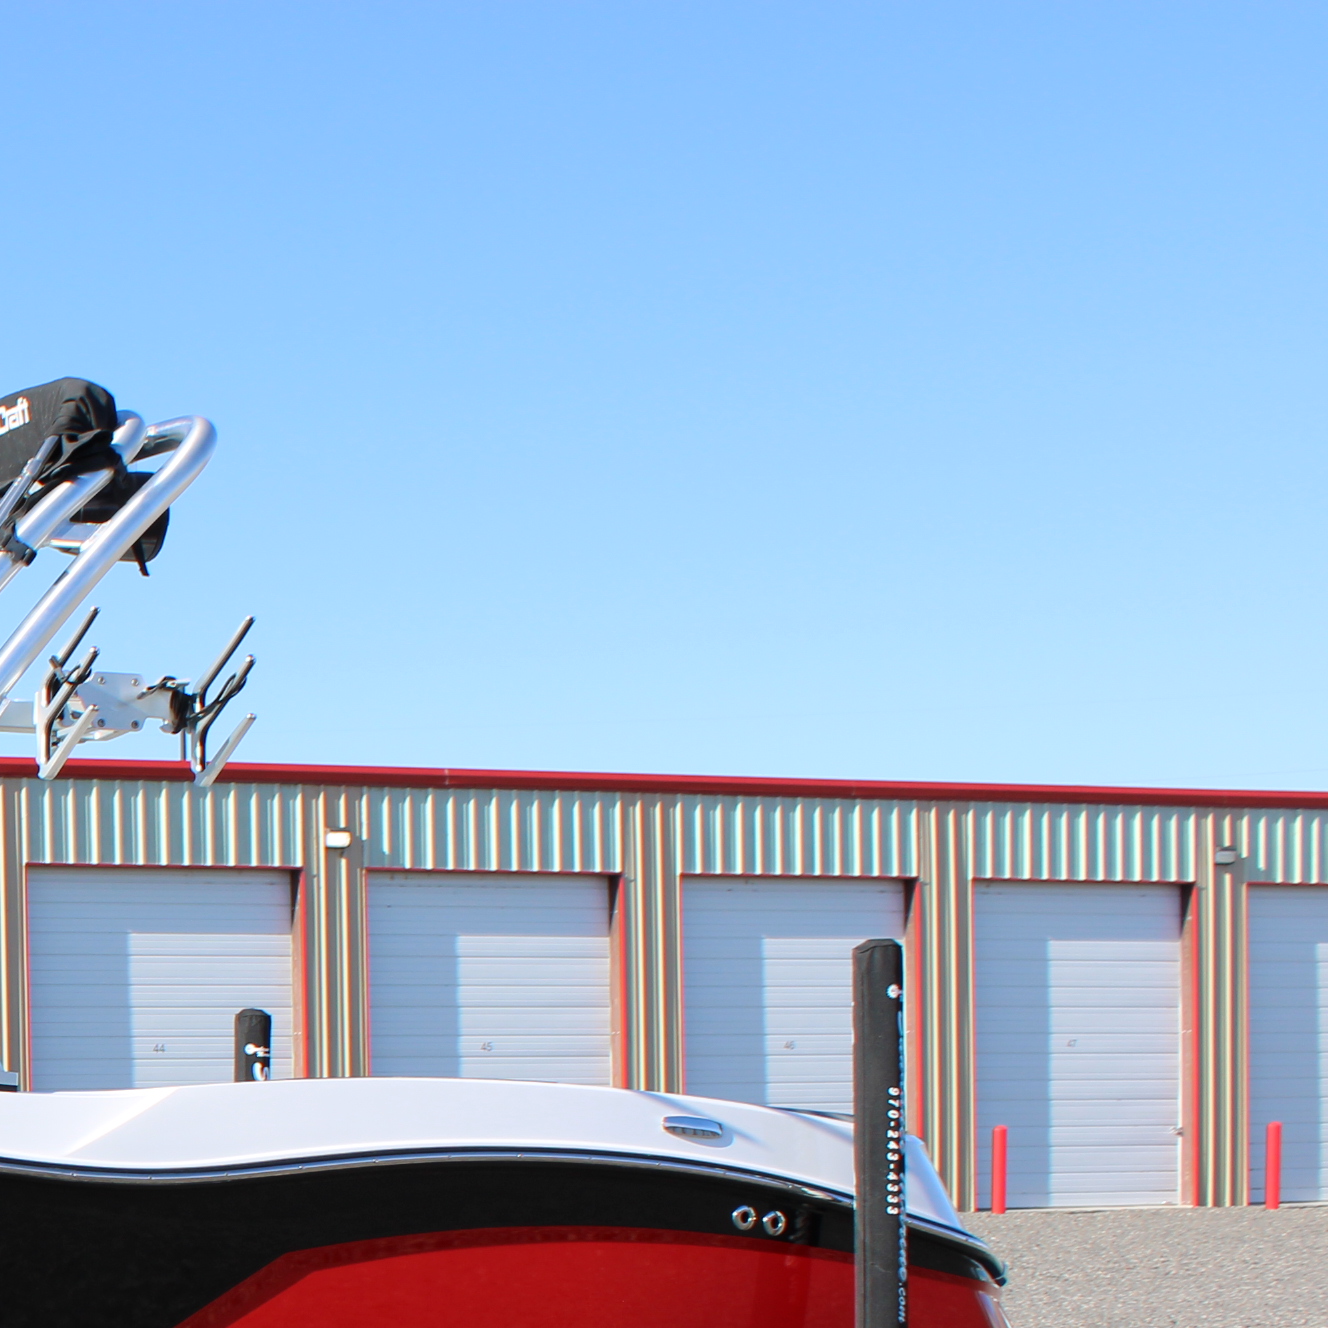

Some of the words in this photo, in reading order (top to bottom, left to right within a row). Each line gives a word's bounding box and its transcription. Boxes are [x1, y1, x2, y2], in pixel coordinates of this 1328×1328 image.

[152, 1043, 166, 1053] 44
[480, 1041, 493, 1051] 45
[887, 1086, 900, 1215] 970-243-4333
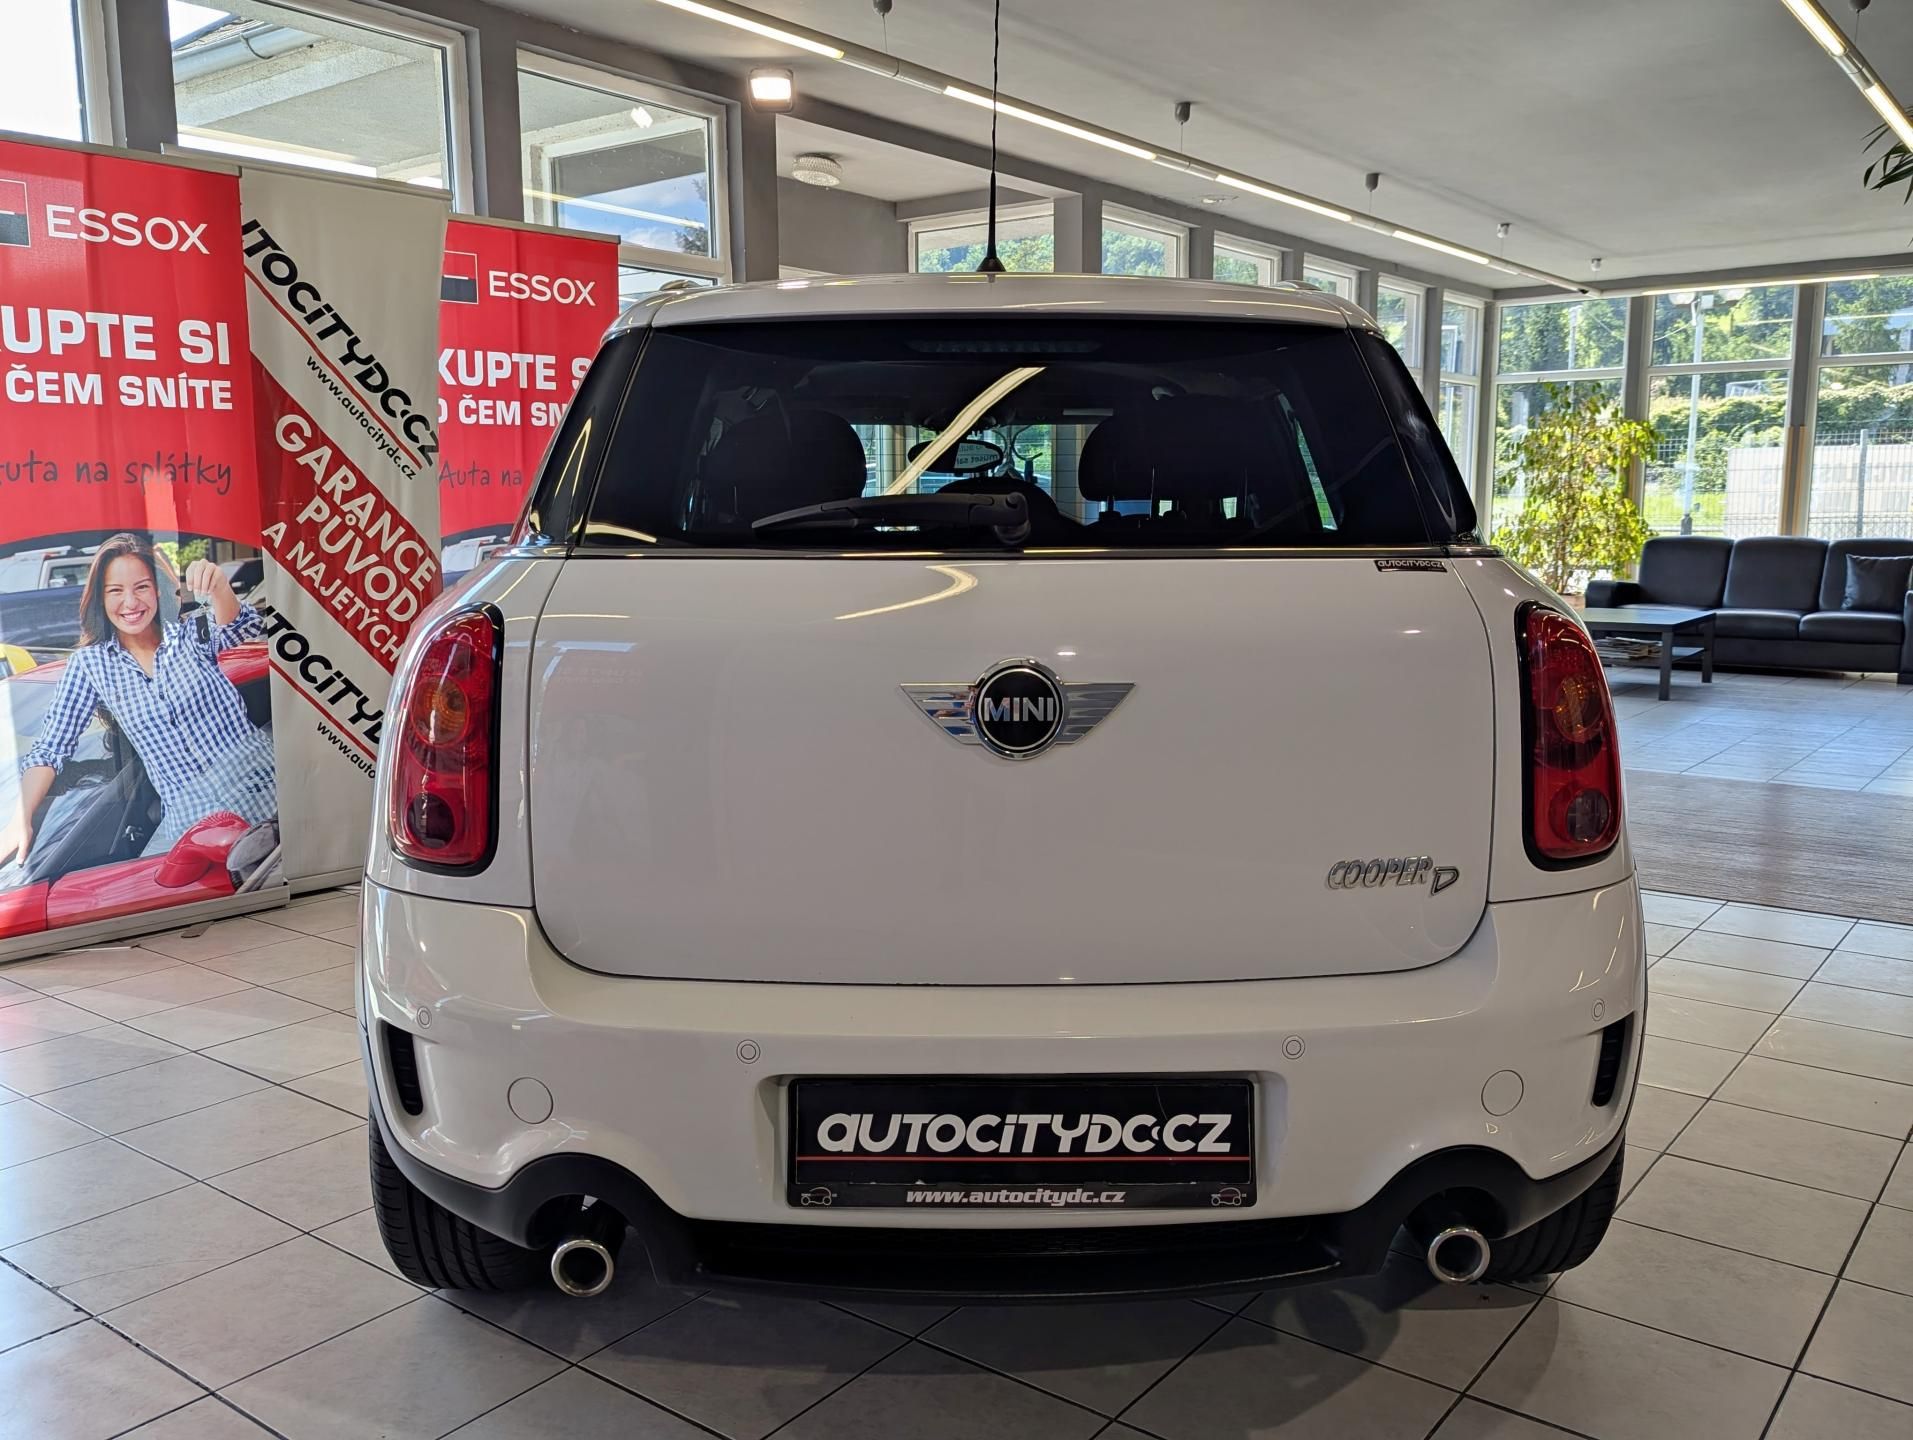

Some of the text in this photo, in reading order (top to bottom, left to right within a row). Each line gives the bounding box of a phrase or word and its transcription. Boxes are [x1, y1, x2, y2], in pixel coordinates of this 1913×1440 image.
====
WHAT IS NEEDED: No pictures belong in the copy; output every record exactly.

TASK RESULT:
Some of the words in this photo, in reading order (top to bottom, left to right within a row). Each line gives a word's bounding box and its transcription. Boxes are [x1, y1, x2, y2], in pixel coordinates of this 1328×1328 image.

[152, 1043, 166, 1053] 44
[480, 1041, 493, 1051] 45
[887, 1086, 900, 1215] 970-243-4333

Some of the text in this photo, in reading order (top to bottom, left to right within a row). Each line gives the bounding box of a phrase or word and its transcription. Boxes are [x1, y1, x2, y2], in pixel coordinates of this 1913×1440 image.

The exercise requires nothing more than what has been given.